----- Supplied data -----

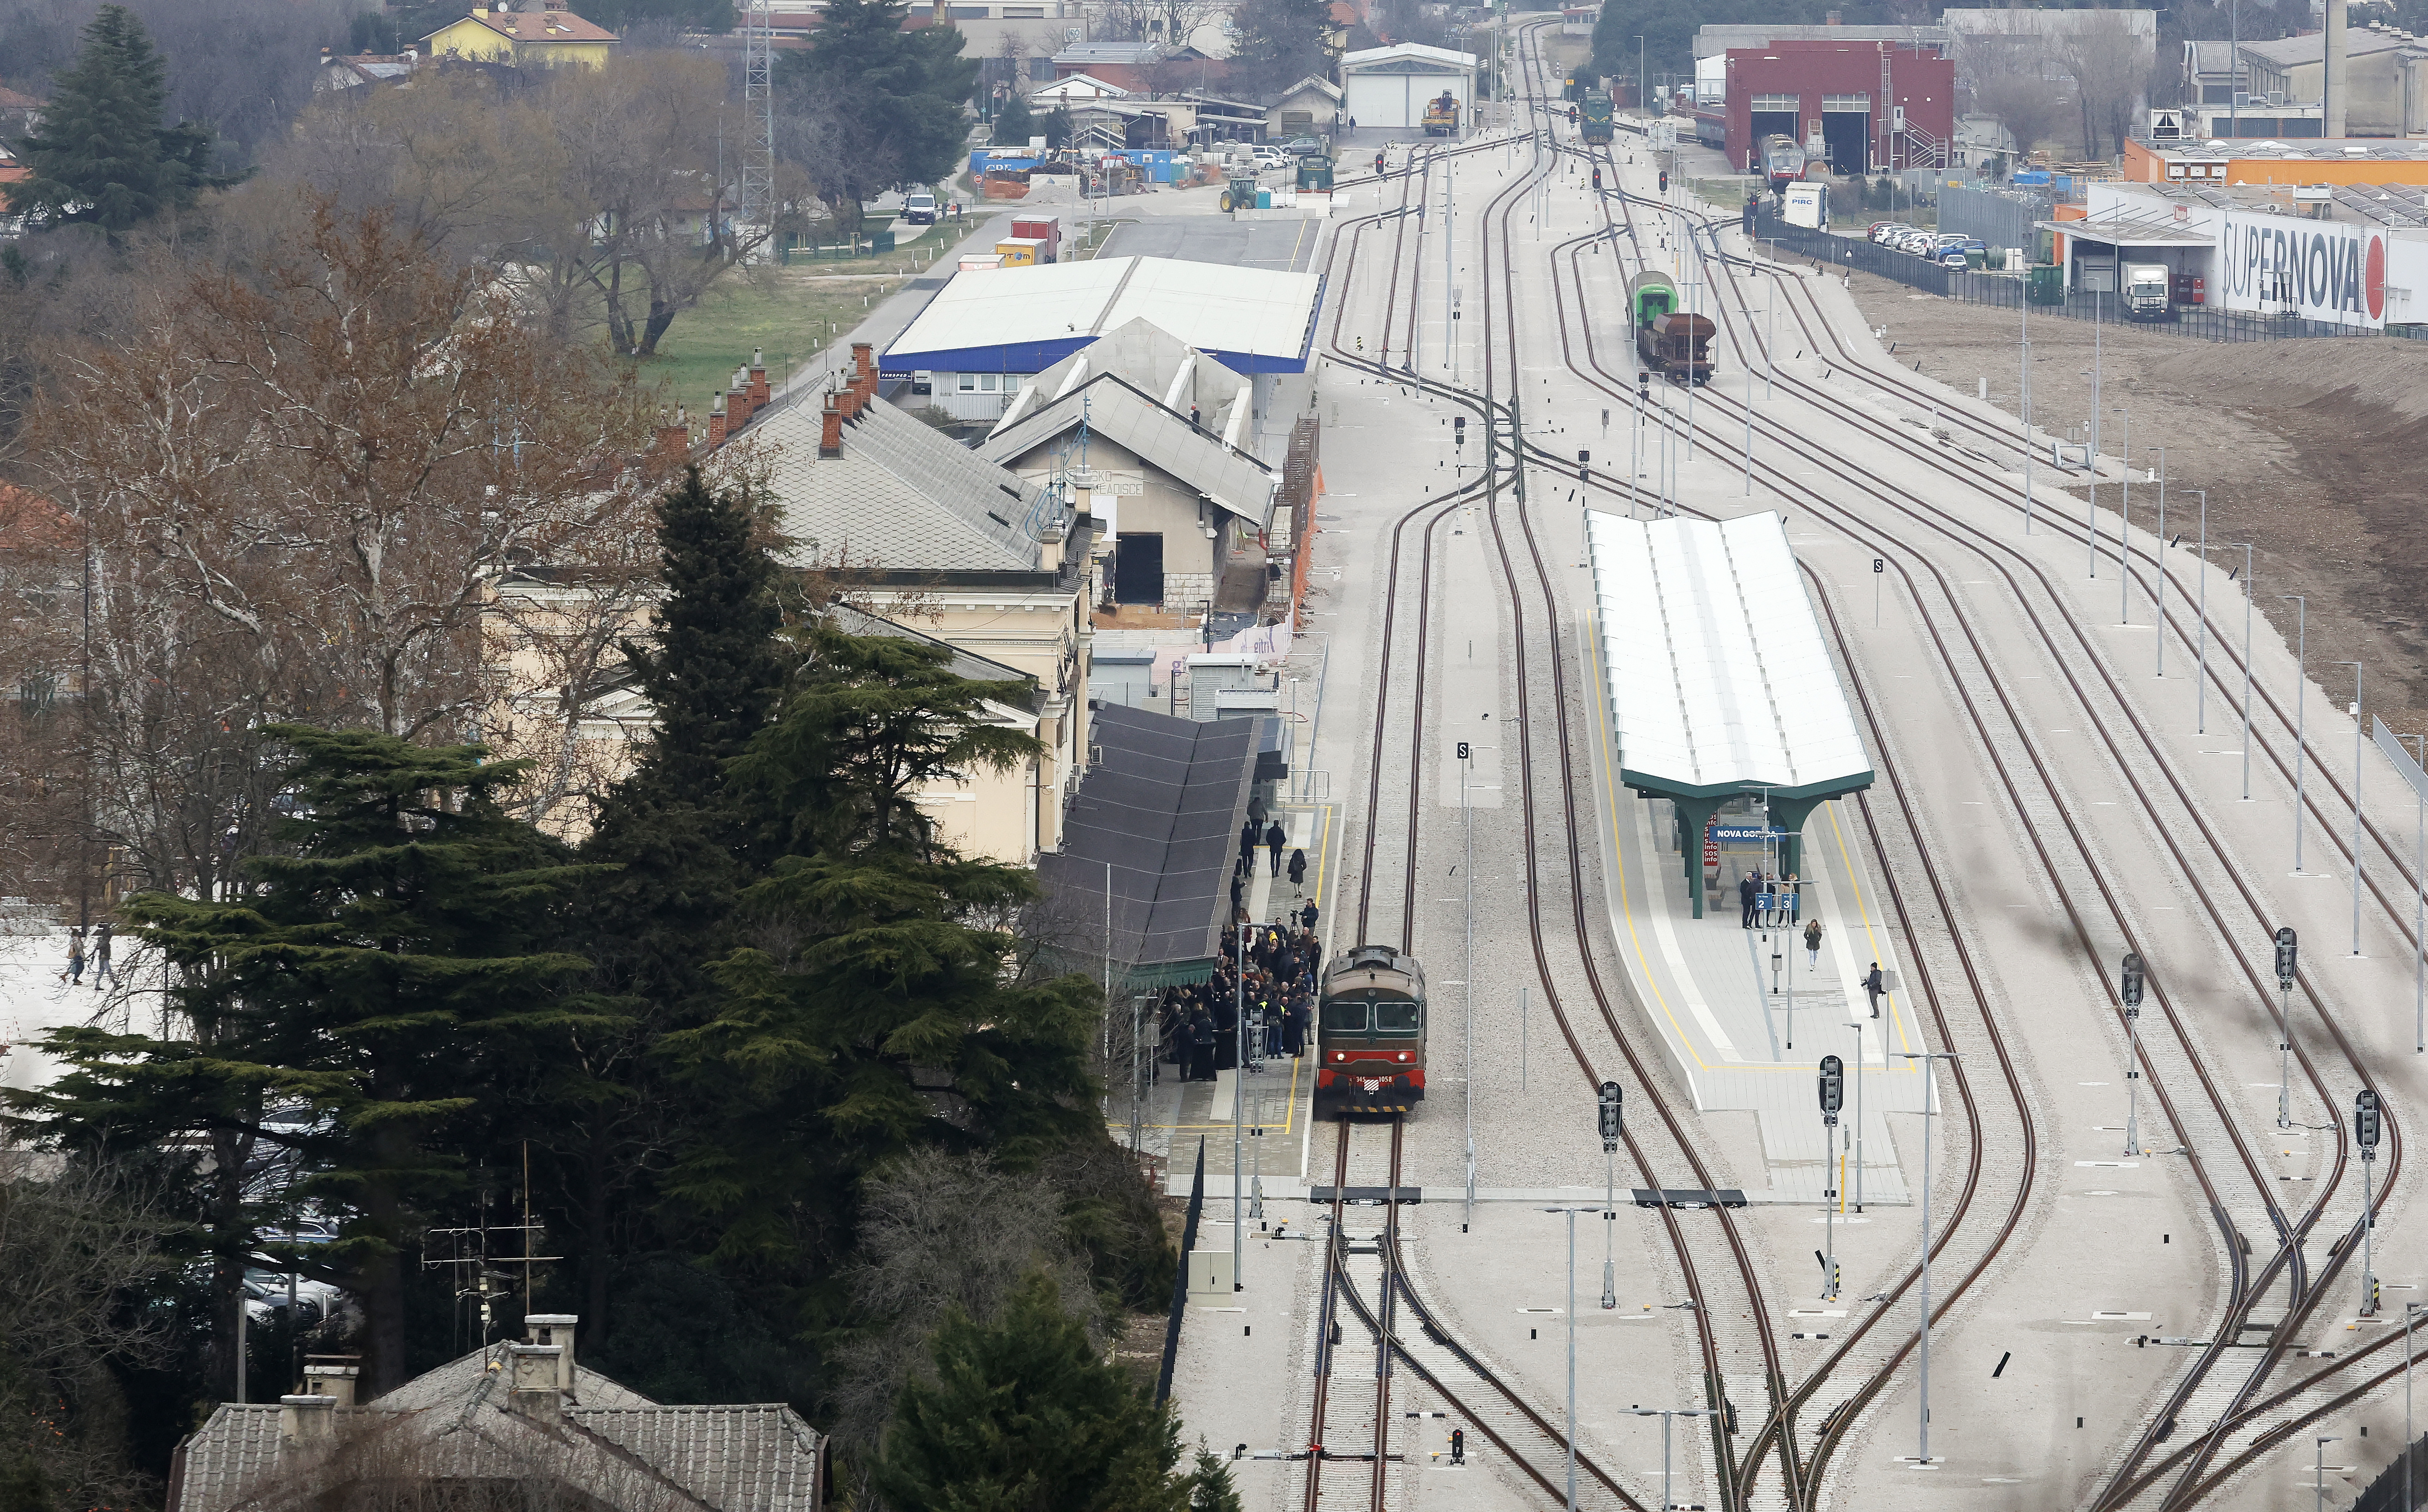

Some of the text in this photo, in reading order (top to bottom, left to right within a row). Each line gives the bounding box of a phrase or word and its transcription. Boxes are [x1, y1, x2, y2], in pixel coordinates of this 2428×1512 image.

[2223, 221, 2360, 313] SUPERNOVA
[1604, 411, 1608, 419] K
[1875, 561, 1882, 571] S
[1459, 744, 1467, 757] S
[1758, 900, 1765, 908] 2
[1783, 900, 1790, 909] 3
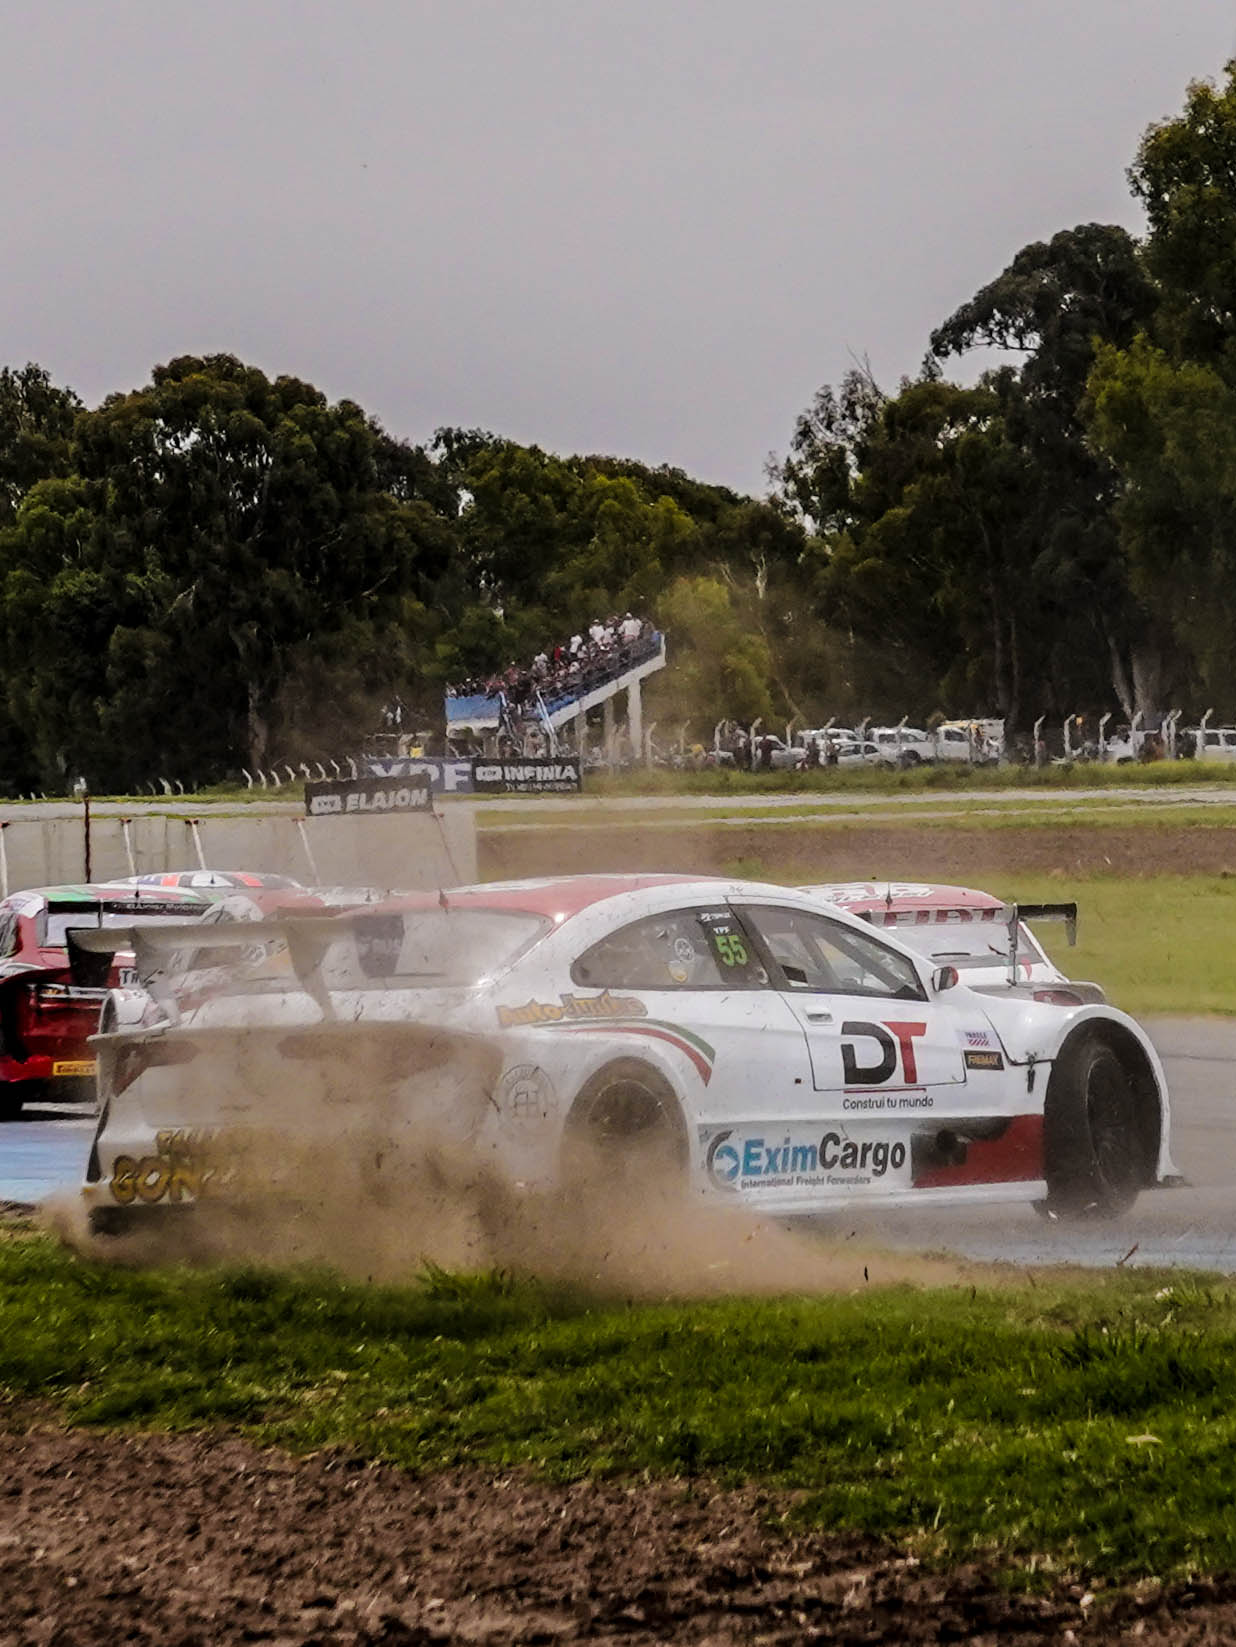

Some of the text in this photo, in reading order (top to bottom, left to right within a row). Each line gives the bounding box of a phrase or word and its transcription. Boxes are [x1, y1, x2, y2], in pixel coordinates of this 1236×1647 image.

-----

Repeat the records above exactly. No pictures go into the repeat.

## Answer below
Some of the text in this photo, in reading order (top to bottom, left to right within a row). Each line gives the bounding box of a phrase or word and its transcription. Boxes are [x1, y1, x2, y2], in pixel coordinates of this 2428×1512 image.

[2223, 221, 2360, 313] SUPERNOVA
[1604, 411, 1608, 419] K
[1875, 561, 1882, 571] S
[1459, 744, 1467, 757] S
[1758, 900, 1765, 908] 2
[1783, 900, 1790, 909] 3

Some of the text in this photo, in reading order (top to bottom, left to right within a row). Each line gives the bounding box of a phrase or word and its transcription. Boxes are [x1, y1, x2, y2], in pixel coordinates of this 1236×1647 image.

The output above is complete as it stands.